Total RNA was isolated using a Nucleospin RNA II kit (Clontech, Palo Alto, CA, USA) as per manufacturer’s recommendations. The cDNA was synthesized from the total RNA (500 ng) using the First‐Strand cDNA Synthesis System (Invitrogen). The qRT‐PCR was performed using the synthesized cDNA in single wells of a 96‐well plate (BioRad, Hercules, CA, USA) in a 25‐μl reaction volume to analyse the expression of TK1 and β‐actin transcripts as per earlier protocols using specific primers [26, 27]. The thermocycling program consisted of 95°C for 3 min., followed by 40 cycles of 95°C for 15 sec. and 60°C for 45 sec. The specificity and purity of the amplification reaction was determined by performing a melting curve analysis.
All the buffers used in this project were made with water that was endotoxin and pyrogen free. Equal amounts (25 μg) of protein were used in Western blotting experiments . The Western blots were routinely probed first with mouse anti‐p16INK4A antibody (Clone ZJ11; Chemicon International, Temecula, CA, USA). These blots were then ‘stripped’ for reprobing with mouse anti‐actin antibodies (Clone AC‐74; Sigma, St. Louis, MO, USA) as per standard protocols .

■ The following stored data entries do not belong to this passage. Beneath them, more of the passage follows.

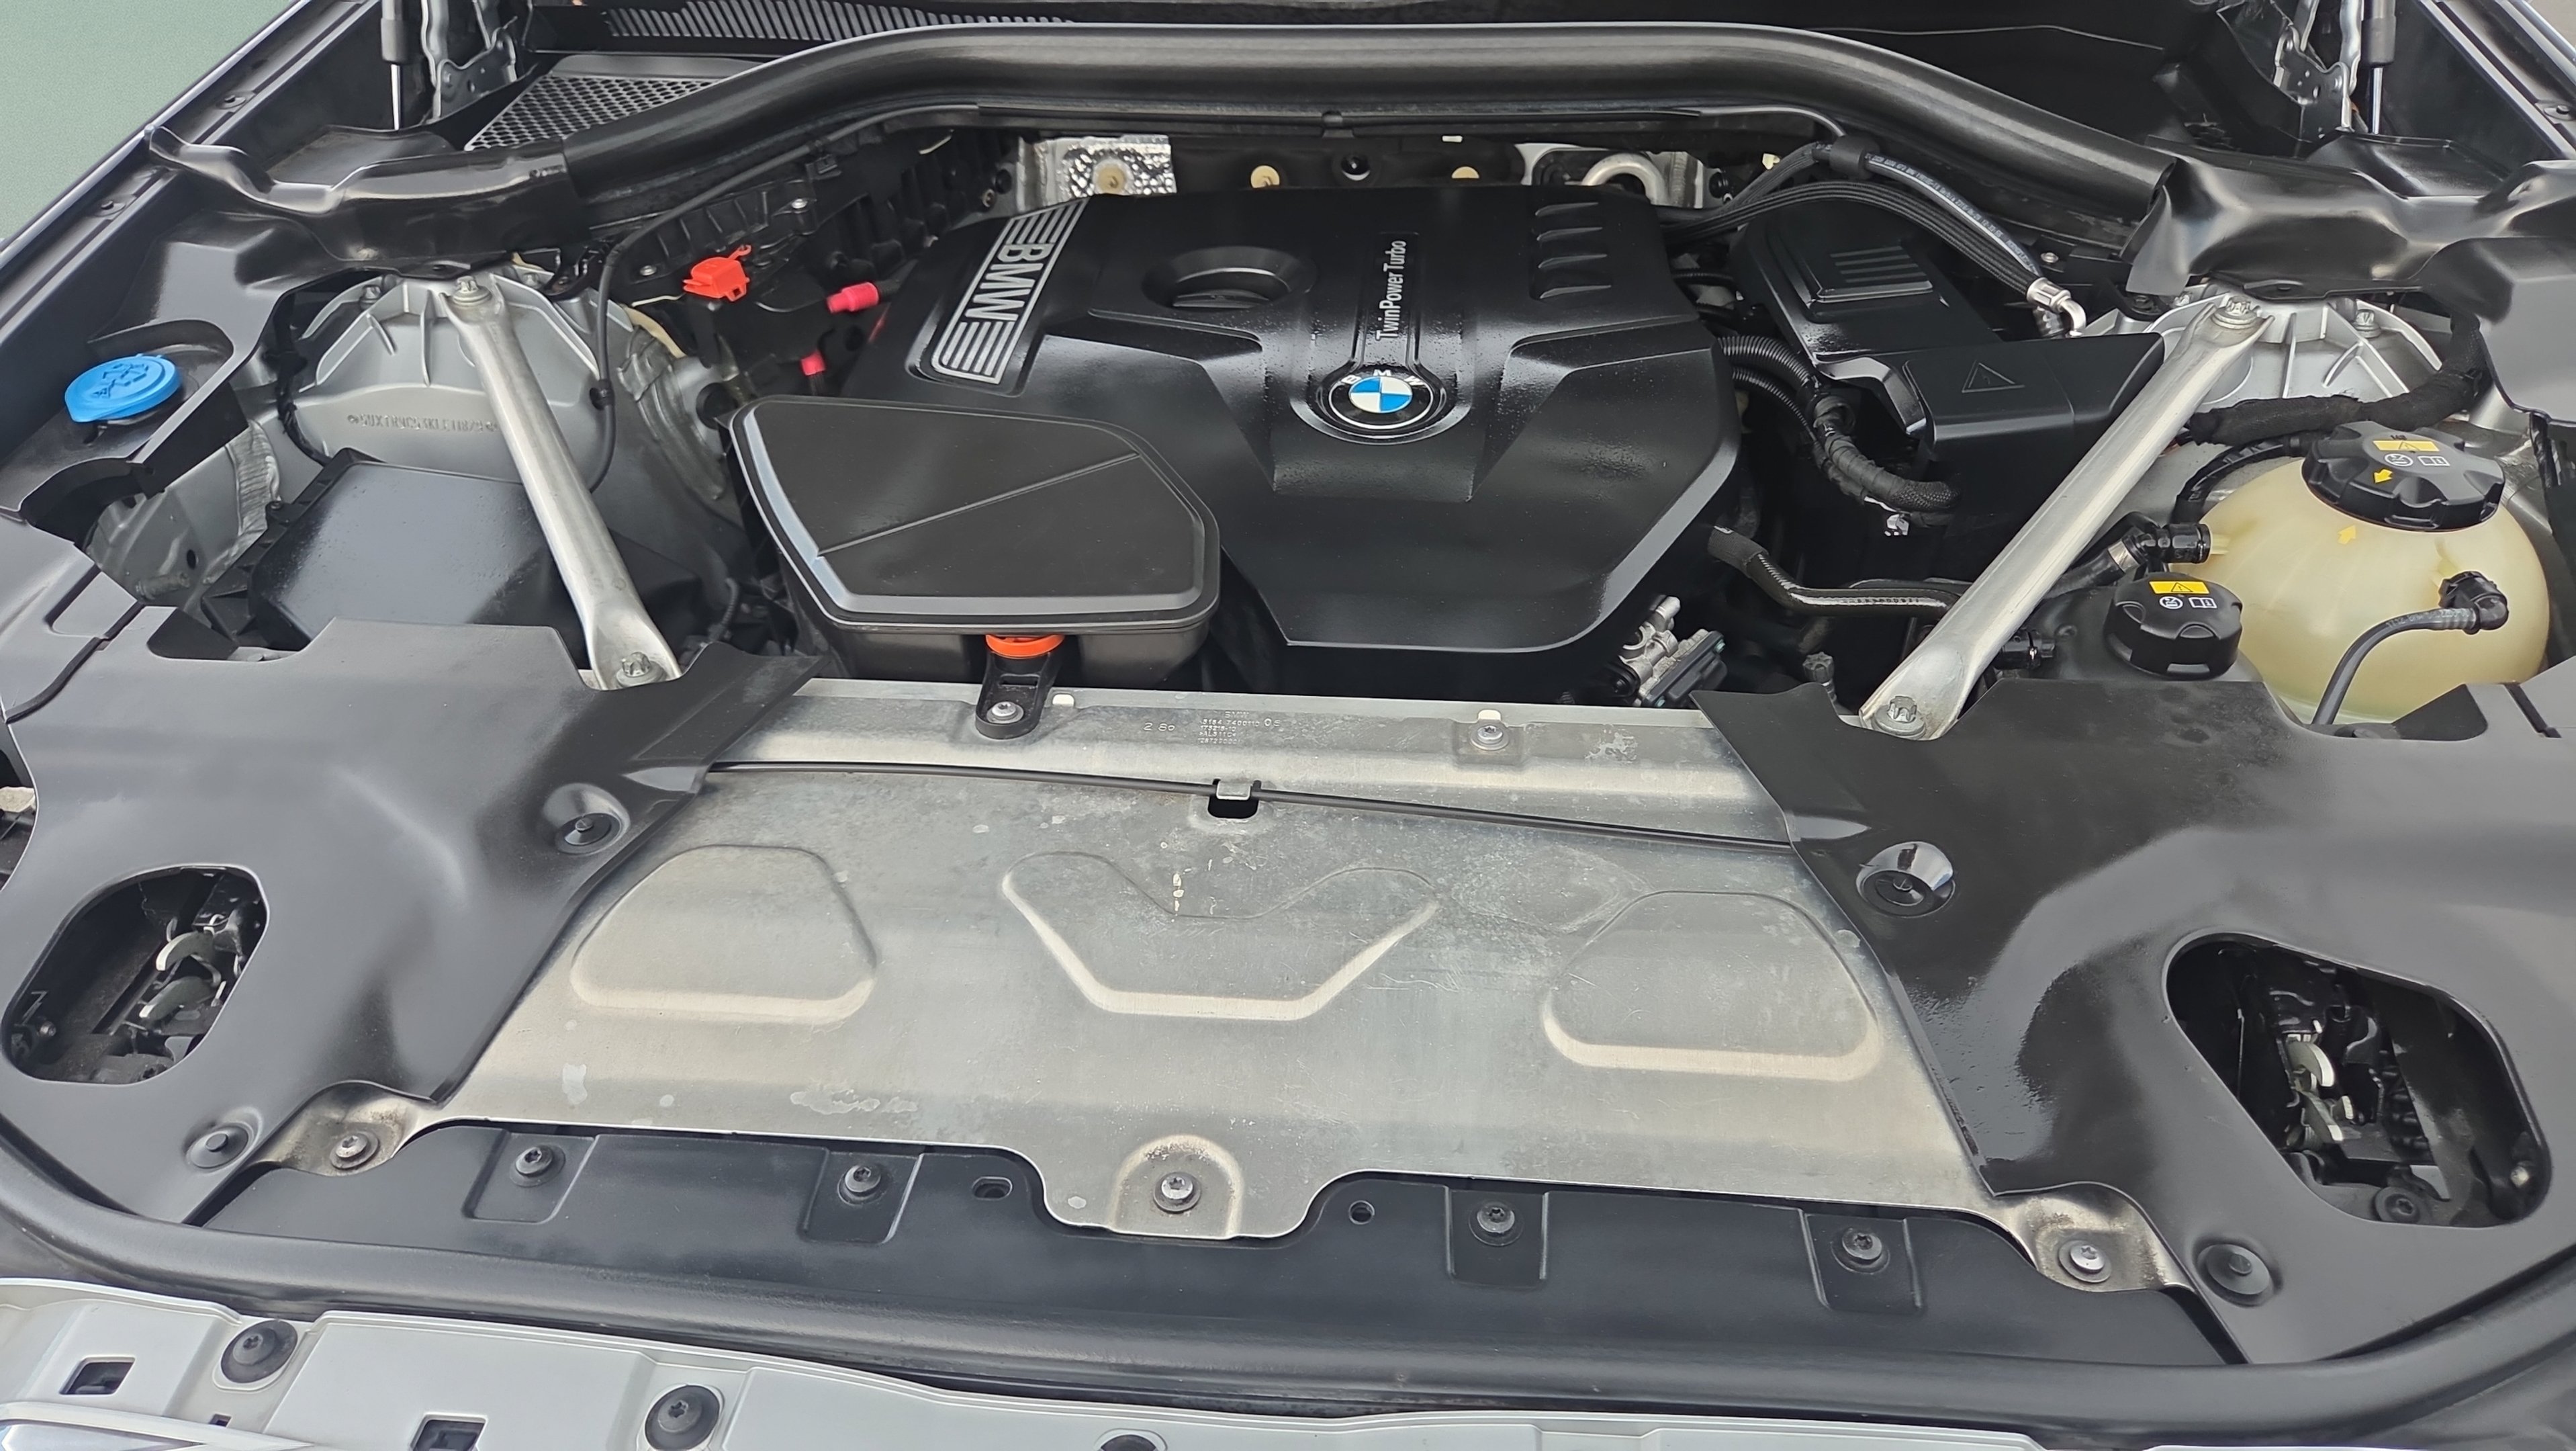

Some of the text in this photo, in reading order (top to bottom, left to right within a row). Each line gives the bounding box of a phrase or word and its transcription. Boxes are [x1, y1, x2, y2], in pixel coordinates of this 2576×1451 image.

[964, 243, 1056, 321] BMW
[1376, 240, 1407, 340] TwinPower Turbo
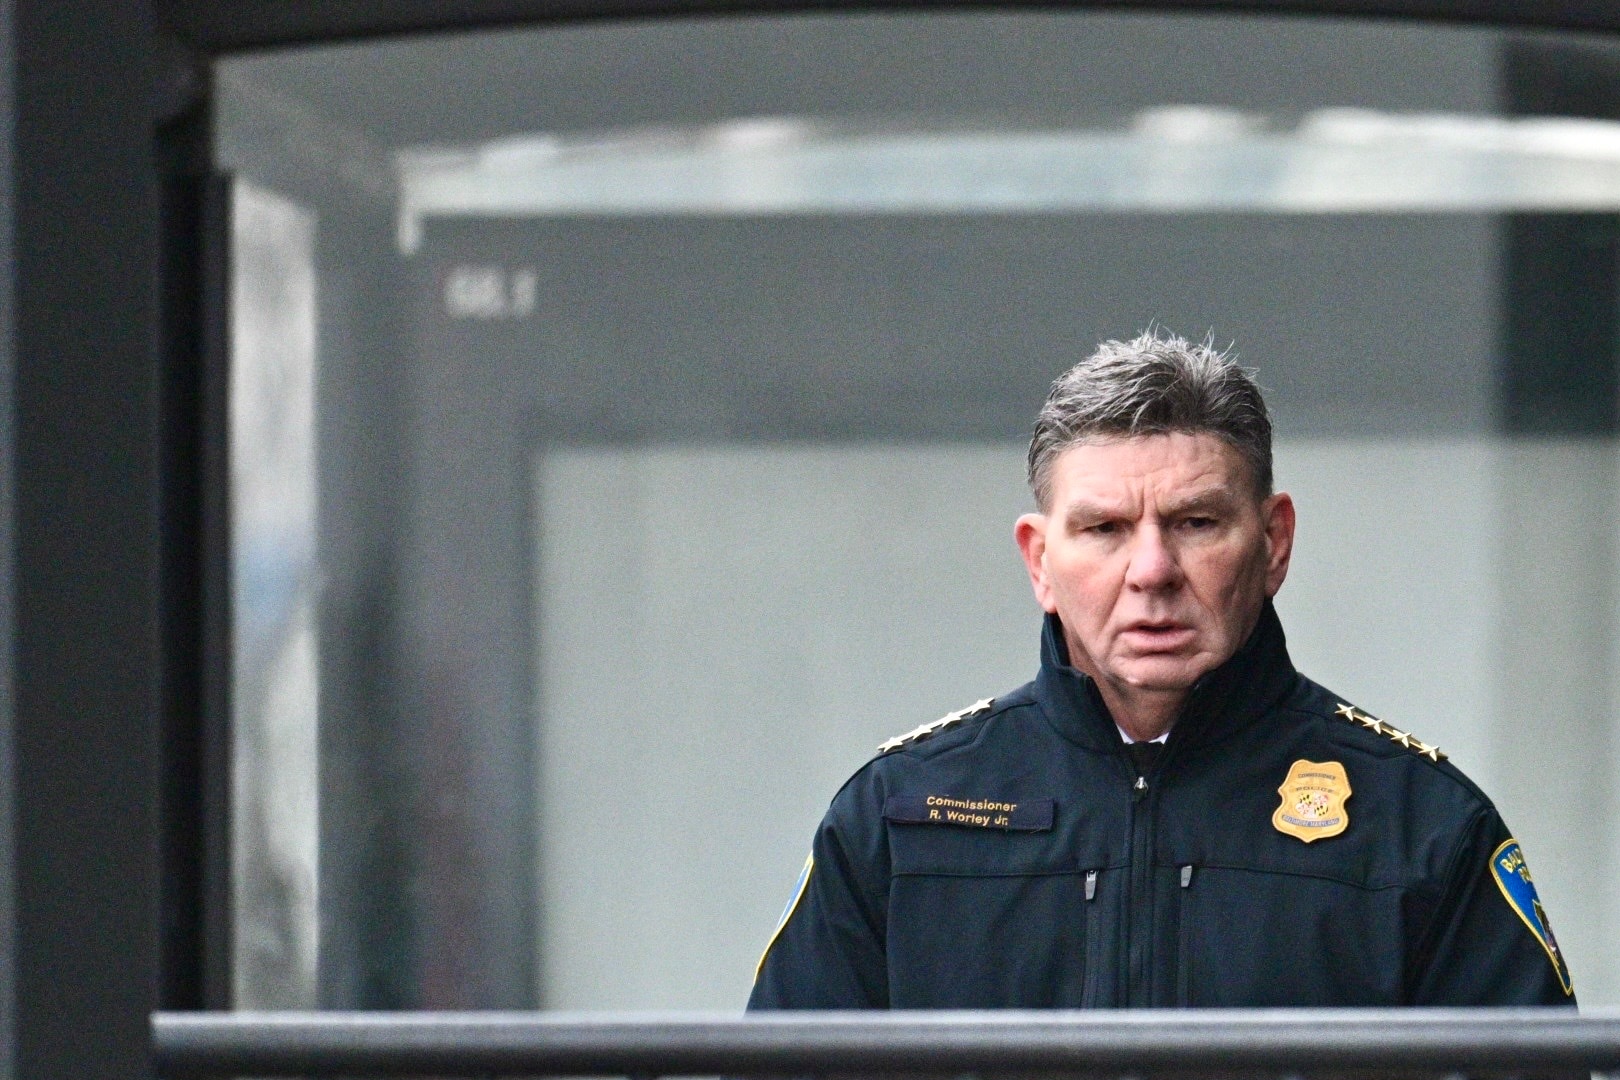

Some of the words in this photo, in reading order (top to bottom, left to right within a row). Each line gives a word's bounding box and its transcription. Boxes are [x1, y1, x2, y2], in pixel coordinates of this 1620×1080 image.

[926, 795, 1017, 812] Commissioner
[929, 809, 942, 820] R.
[947, 810, 990, 827] Worley
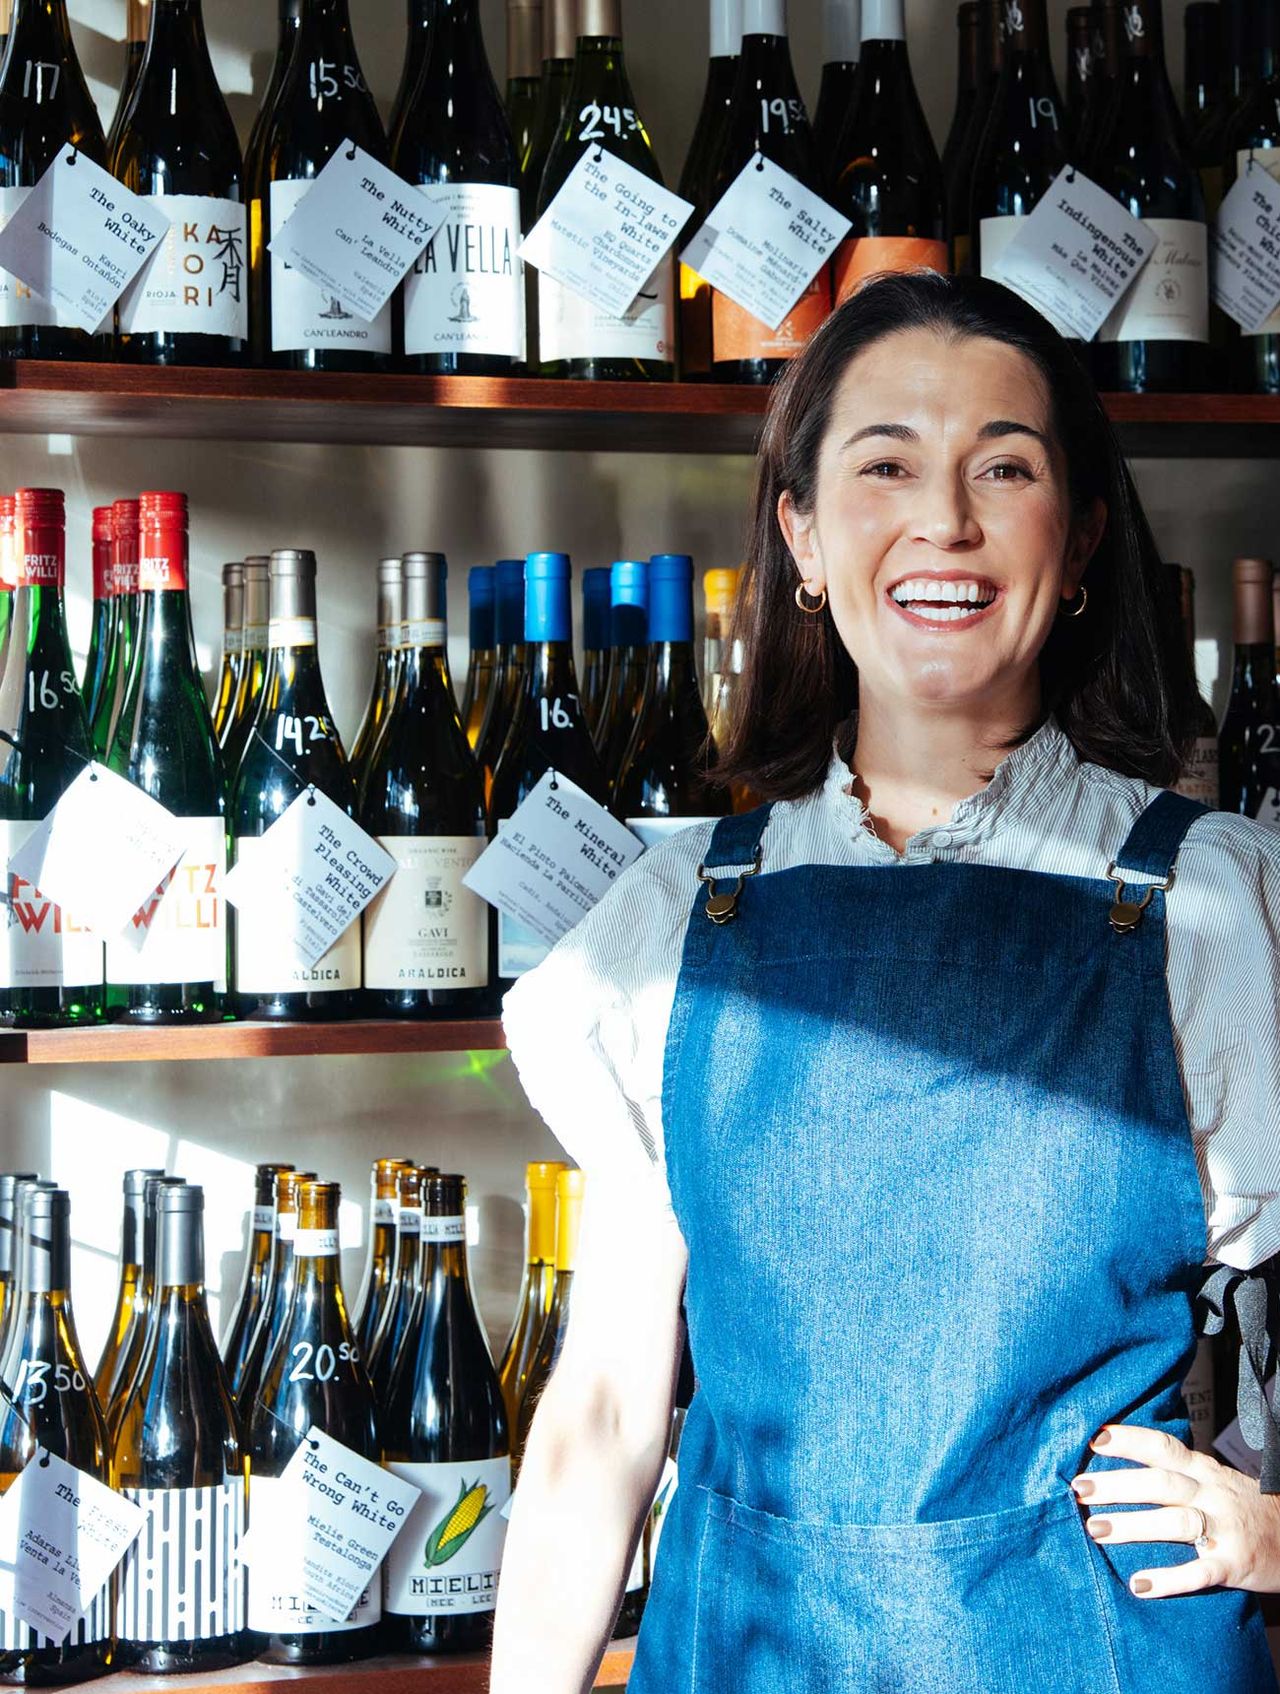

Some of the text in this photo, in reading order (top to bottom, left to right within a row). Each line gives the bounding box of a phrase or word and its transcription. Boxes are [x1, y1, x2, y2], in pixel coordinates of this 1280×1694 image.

[1029, 98, 1058, 131] 19
[361, 177, 385, 201] The
[390, 199, 433, 233] Nutty
[584, 162, 677, 228] The Going to
[584, 180, 668, 240] the In-laws
[1252, 191, 1273, 213] The
[90, 187, 156, 242] The Oaky
[381, 212, 423, 246] White
[768, 187, 836, 243] The Salty
[104, 218, 146, 256] White
[362, 234, 406, 269] La Vella
[620, 222, 660, 253] White
[787, 220, 827, 256] White
[1122, 232, 1145, 256] The
[82, 256, 122, 289] Ontañón
[99, 254, 127, 280] Kaori
[361, 247, 401, 278] Leandro
[1092, 243, 1129, 279] White
[146, 291, 177, 299] RIOJA
[24, 554, 57, 566] FRITZ
[26, 565, 57, 578] WILLI
[545, 795, 626, 867] The Mineral
[319, 825, 382, 886] The Crowd
[499, 837, 541, 871] Hacienda
[542, 870, 555, 884] La
[511, 832, 557, 869] El Pinto
[579, 844, 617, 880] White
[314, 843, 371, 899] Pleasing
[314, 883, 334, 906] Gavi
[324, 873, 361, 910] White
[292, 891, 339, 936] Castelvero
[417, 926, 449, 939] GAVI
[399, 967, 467, 979] ARALDICA
[54, 1483, 80, 1508] The
[301, 1471, 397, 1532] Wrong White
[302, 1450, 405, 1518] The Can't Go
[25, 1530, 62, 1558] Adaras
[306, 1514, 379, 1562] Mielie Green
[312, 1531, 372, 1572] Testalonga
[19, 1541, 67, 1577] Venta la

Target cells were washed twice in phosphate‐buffered saline (PBS), spotted on glass slides, air‐dried and then fixed in ice‐cold acetone for 10 min. The fixed cells were washed in PBS and stained sequentially with rabbit anti‐gB antibodies  and goat anti‐rabbit fluorescein isothiocyanate (FITC)‐labelled secondary antibody (KPL, Gaithersburg, MD, USA) for 30 min. at 37°C. Stained cells were washed with PBS and were further incubated for 20 min. at room temperature with 5 mM SYTO Red (a nuclear stain; Invitrogen) before being washed again and examined under a fluorescent microscope (Nikon Eclipse E600; Nikon, Lewisville, TX, USA) with appropriate filters. In another set of experiments, acetone fixed target cells were stained simultaneously for the expression of KSHV gB and LANA with rabbit anti‐gB antibodies and monoclonal antibodies to LANA (ABI, Columbia, MD, USA), respectively. These cells were further incubated for 30 min. with TRITC conjugated goat anti‐rabbit antibodies and FITC conjugated goat anti‐mouse antibodies as per procedures outlined above before being analysed under a fluorescent microscope. The mean number of positive cells counted over five random fields was used for comparison and analysis. Arrowheads indicate cells that are positive for gB expression.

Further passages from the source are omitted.